Simple Ideas for Tying Family Bonds through Food
As time marches on, I enjoy the various phases, stages, and changes life brings. And in this ebb and flow, there have been times when I haven’t been able to live out my ideal as food provider to my family. Let’s face it, nourishing a family with traditional food practices—procuring and preparing ingredients of superb quality—can be a nearly full-time job in itself, not to mention costly. Throw kiddos who are not accustomed to real foods into the mix, and it can be quite the adventure! Where is the middle ground, the compromise of doing the best by your family and avoiding battles? How can families eat foods they enjoy, yet still supply their bodies with life-imparting nutrients? And don’t forget about tight schedules, which make things even stickier. There are still ways to make wise choices without giving in and rolling through the closest drive-thru just to survive the day.
IS THIS YOU?
A friend of mine is raising four lovely, thriving children who are active in sports and clubs that keep the family so on-the-go that meals together are hard to schedule.
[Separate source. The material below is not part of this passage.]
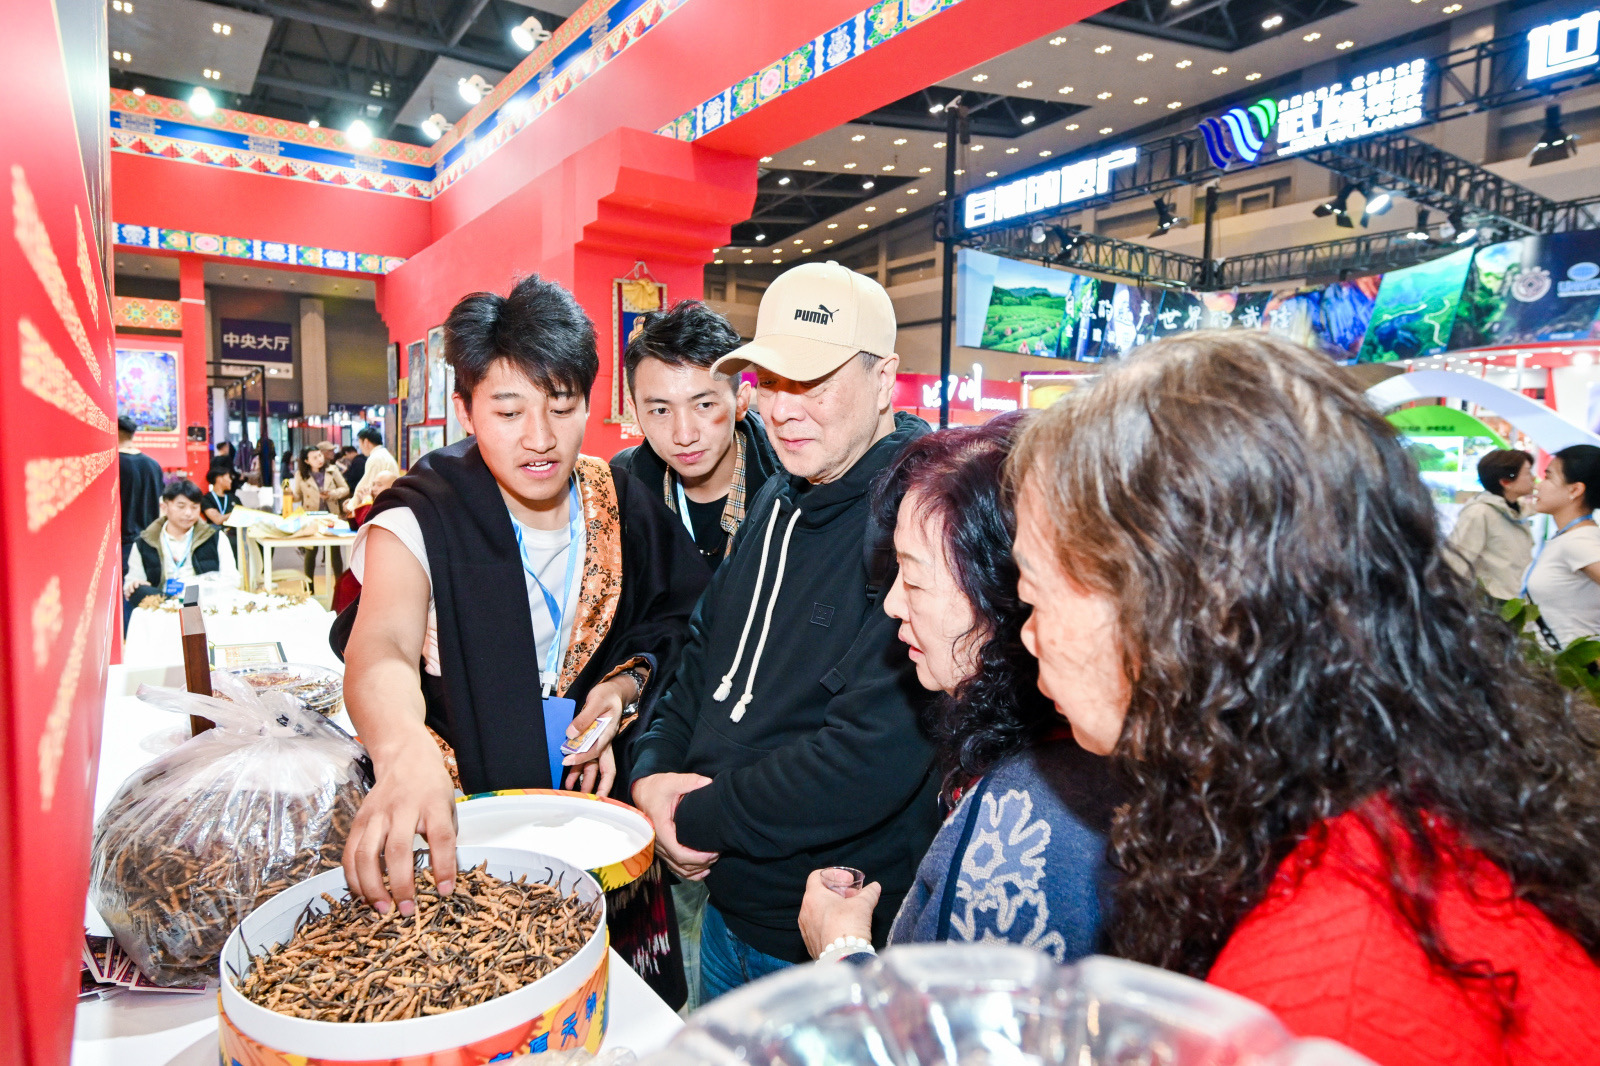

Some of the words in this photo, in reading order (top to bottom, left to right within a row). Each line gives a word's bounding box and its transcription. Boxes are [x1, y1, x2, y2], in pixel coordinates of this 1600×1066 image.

Another mom I know works hard in the kitchen to prepare nourishing foods but is run ragged with her life’s responsibilities. Moreover, when it comes time for her family to sit down and eat, the kids balk at her creations. Perhaps you can recognize another friend who came to traditional foods later in life when her children were older and less than receptive, making changes surrounding food a tedious chore. Everyone has a story.
I don’t claim to have walked in anyone else’s shoes, but I do know that each family must find its own balance and flow in life, including the areas of food and wellness education. The evidence that supports the acts of preparing food and instilling its value into children is clear; the more they know and appreciate the hows and whys of food, the better equipped they’ll be to live fully with highly functioning brains, vital bodies and steady emotions.
What helps me make food a priority in my family is keeping life simple. This looks different from one family to the next, but the idea remains the same. It is implementing this simplicity that is the tricky part. Can something be changed to allow for more time in the kitchen? Schedules trimmed? Allowing only one sport or club per child each semester? How well can you get to know your crockpot? Can a social volunteer position be given to someone else for a season? There are many possible choices, but a different answer for everyone.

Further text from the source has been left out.